She was apparently reflecting.
"Under any circumstances," persisted Hollanden, "he couldn't think anything at all. Now, could he?"
"No," she said.
"Well, why are you angry at me, then?"
CHAPTER XI.
"John," said the old mother, from the profound mufflings of the pillow and quilts.
"What?" said the old man. He was tugging at his right boot, and his tone was very irascible.
"I think William's changed a good deal."
"Well, what if he has?" replied the father, in another burst of ill-temper. He was then tugging at his left boot.
"Yes, I'm afraid he's changed a good deal," said the muffled voice from the bed. "He's got a good many fine friends, now, John—folks what put on a good many airs; and he don't care for his home like he did."
"Oh, well, I don't guess he's changed very much," said the old man cheerfully. He was now free of both boots.
She raised herself on an elbow and looked out with a troubled face. "John, I think he likes that girl."
"What girl?" said he.
"What girl? Why, that awful handsome girl you see around—of course."
"Do you think he likes 'er?"
"I'm afraid so—I'm afraid so," murmured the mother mournfully.
"Oh, well," said the old man, without alarm, or grief, or pleasure in his tone.
He turned the lamp's wick very low and carried the lamp to the head of the stairs, where he perched it on the step. When he returned he said, "She's mighty good-look-in'!"
"Well, that ain't everything," she snapped. "How do we know she ain't proud, and selfish, and—everything?"
"How do you know she is?" returned the old man.
"And she may just be leading him on."
"Do him good, then," said he, with impregnable serenity. "Next time he'll know better."
"Well, I'm worried about it," she said, as she sank back on the pillow again. "I think William's changed a good deal.
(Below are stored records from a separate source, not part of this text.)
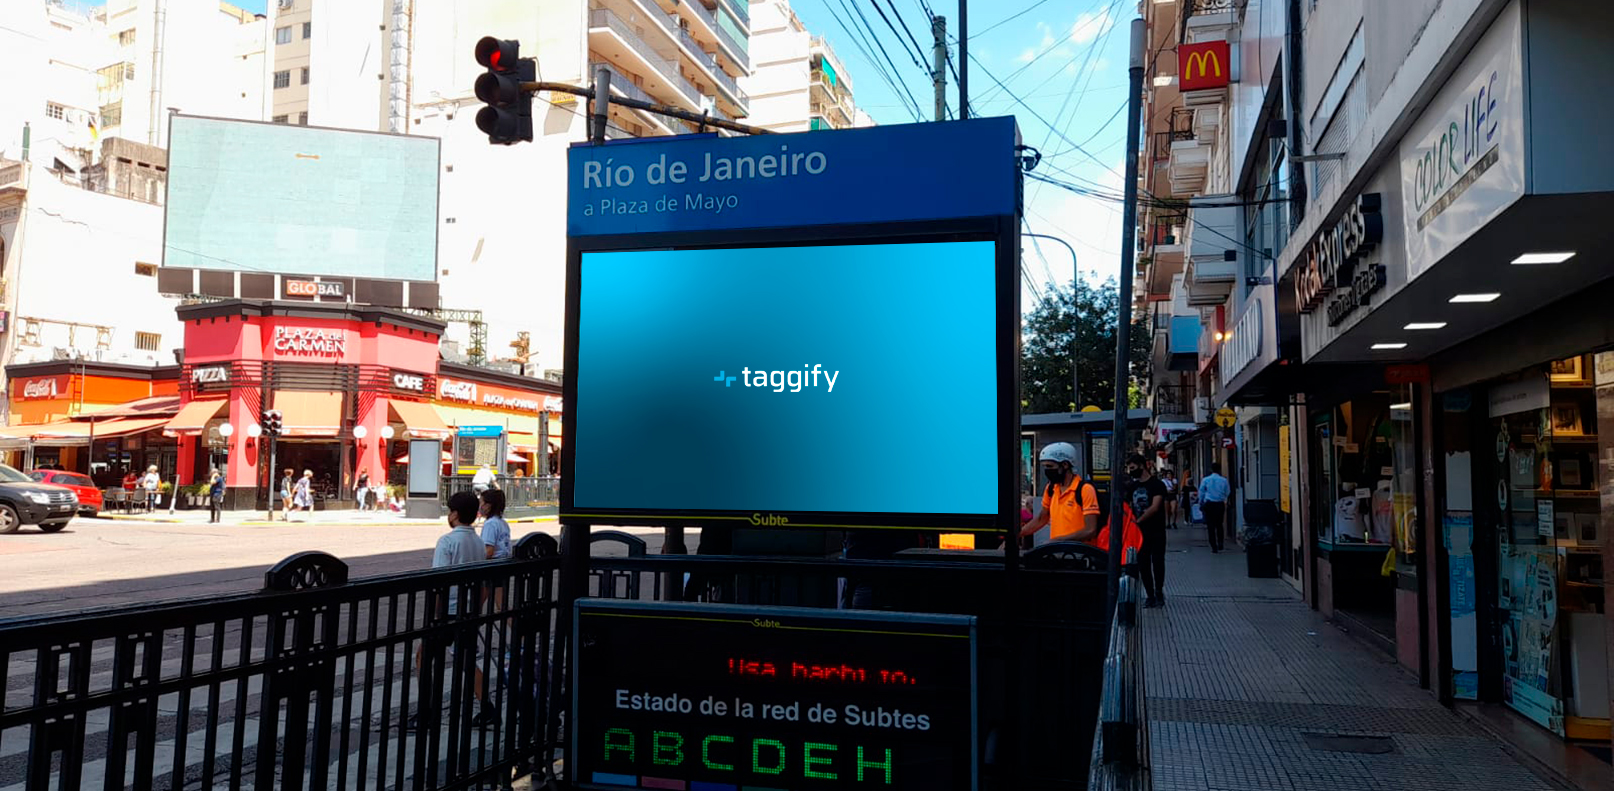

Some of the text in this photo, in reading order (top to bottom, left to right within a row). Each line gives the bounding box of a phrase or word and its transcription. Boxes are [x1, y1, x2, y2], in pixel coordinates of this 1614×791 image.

[1415, 121, 1459, 212] COLOR
[1464, 70, 1498, 165] LIFE
[583, 145, 827, 188] Río de Janeiro
[583, 193, 739, 216] a Plaza de Mayo
[1319, 193, 1366, 288] Express
[288, 282, 343, 296] GLOBAL
[275, 325, 326, 340] PLAZA
[275, 338, 346, 352] CARMEN
[192, 367, 227, 383] PIZZA
[393, 374, 424, 390] CAFE
[741, 363, 840, 393] taggify
[752, 513, 789, 526] Subte
[753, 618, 780, 629] Subte
[615, 688, 931, 731] Estado de la red de Subtes
[604, 727, 892, 784] A B C D E H
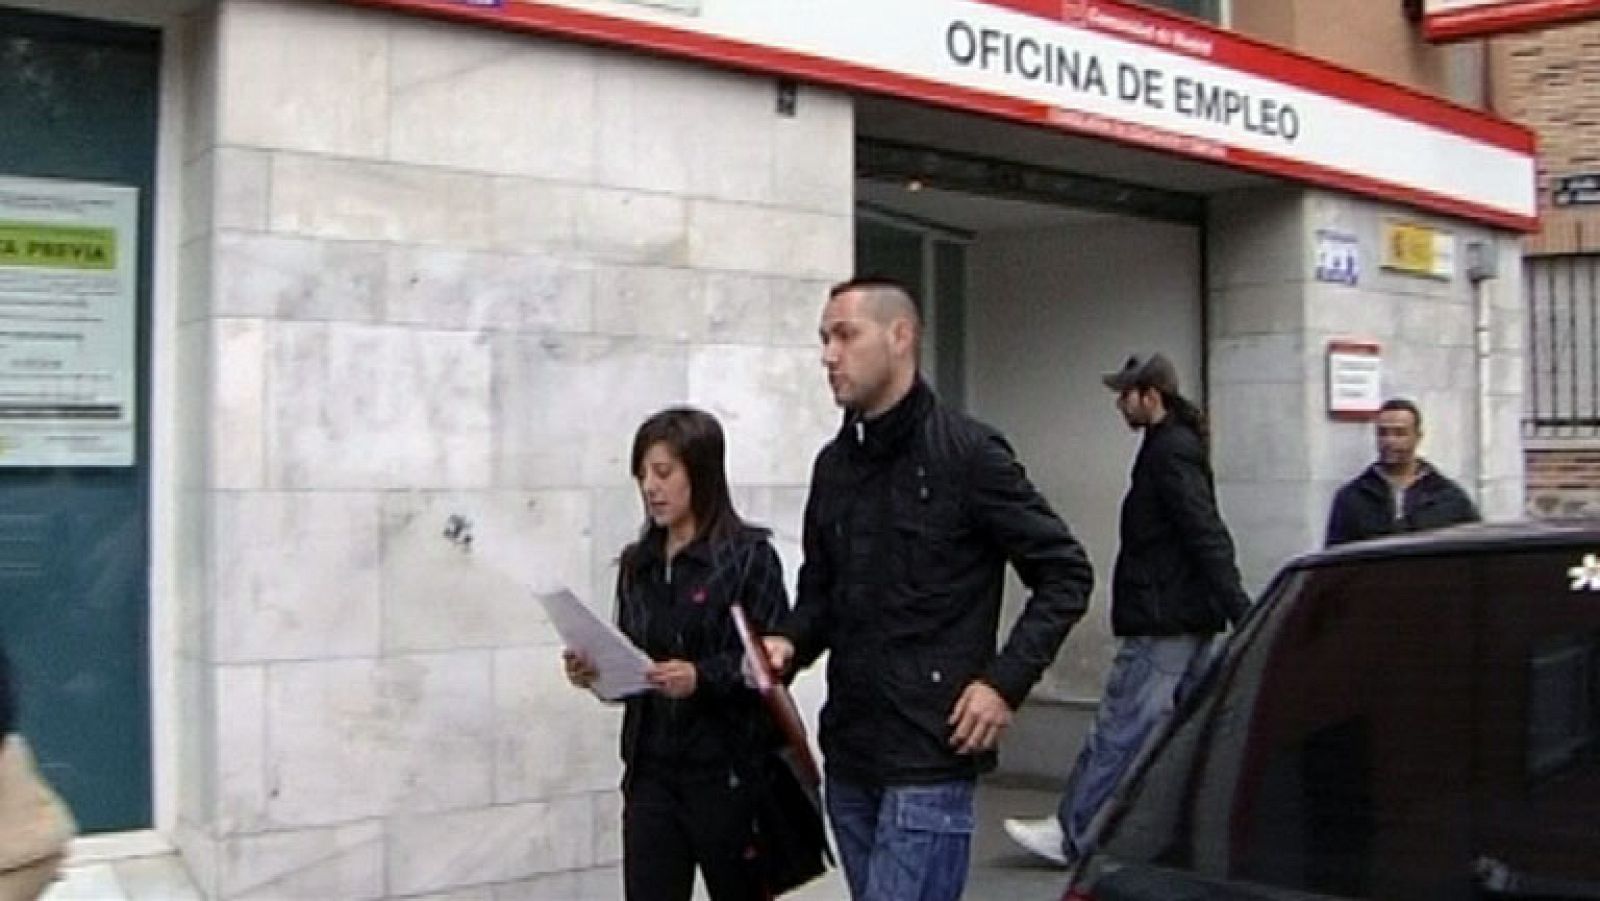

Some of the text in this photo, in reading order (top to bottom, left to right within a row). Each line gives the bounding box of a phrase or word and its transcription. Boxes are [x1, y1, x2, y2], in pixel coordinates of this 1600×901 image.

[946, 20, 1108, 96] OFICINA
[1117, 62, 1164, 109] DE
[1174, 75, 1300, 142] EMPLEO
[26, 241, 105, 262] PREVIA
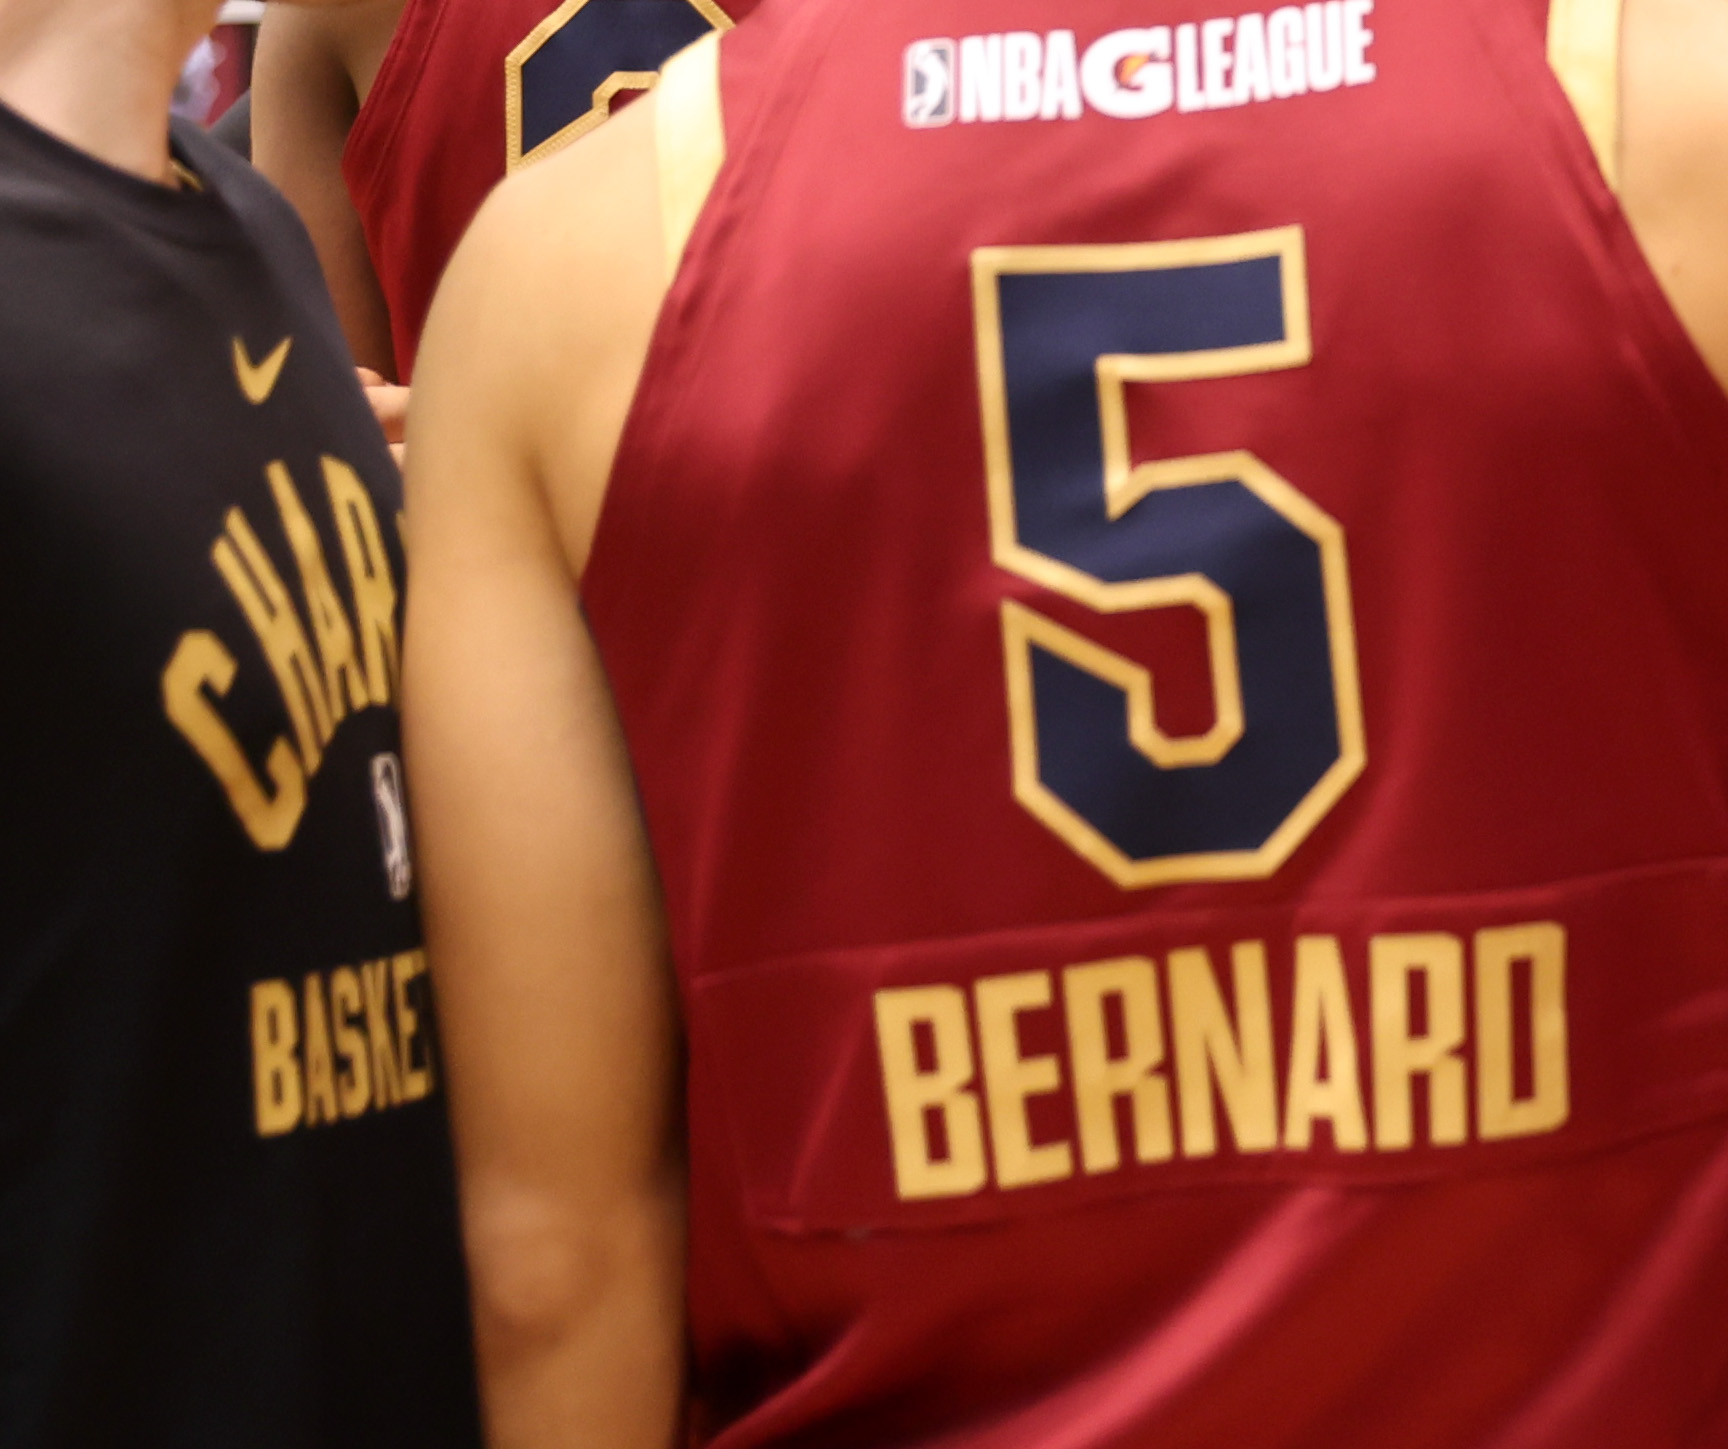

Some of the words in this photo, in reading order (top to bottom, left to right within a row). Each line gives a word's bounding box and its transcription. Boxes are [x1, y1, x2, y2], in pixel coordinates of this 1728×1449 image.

He don't seem to care about—us—like he did."
"Oh, go to sleep!" said the father drowsily.
She was silent for a time, and then she said, "John?"
"What?"
"Do you think I better speak to him about that girl?"
"No."
She grew silent again, but at last she demanded, "Why not?"
"'Cause it's none of your business. Go to sleep, will you?" And presently he did, but the old mother lay blinking wild-eyed into the darkness.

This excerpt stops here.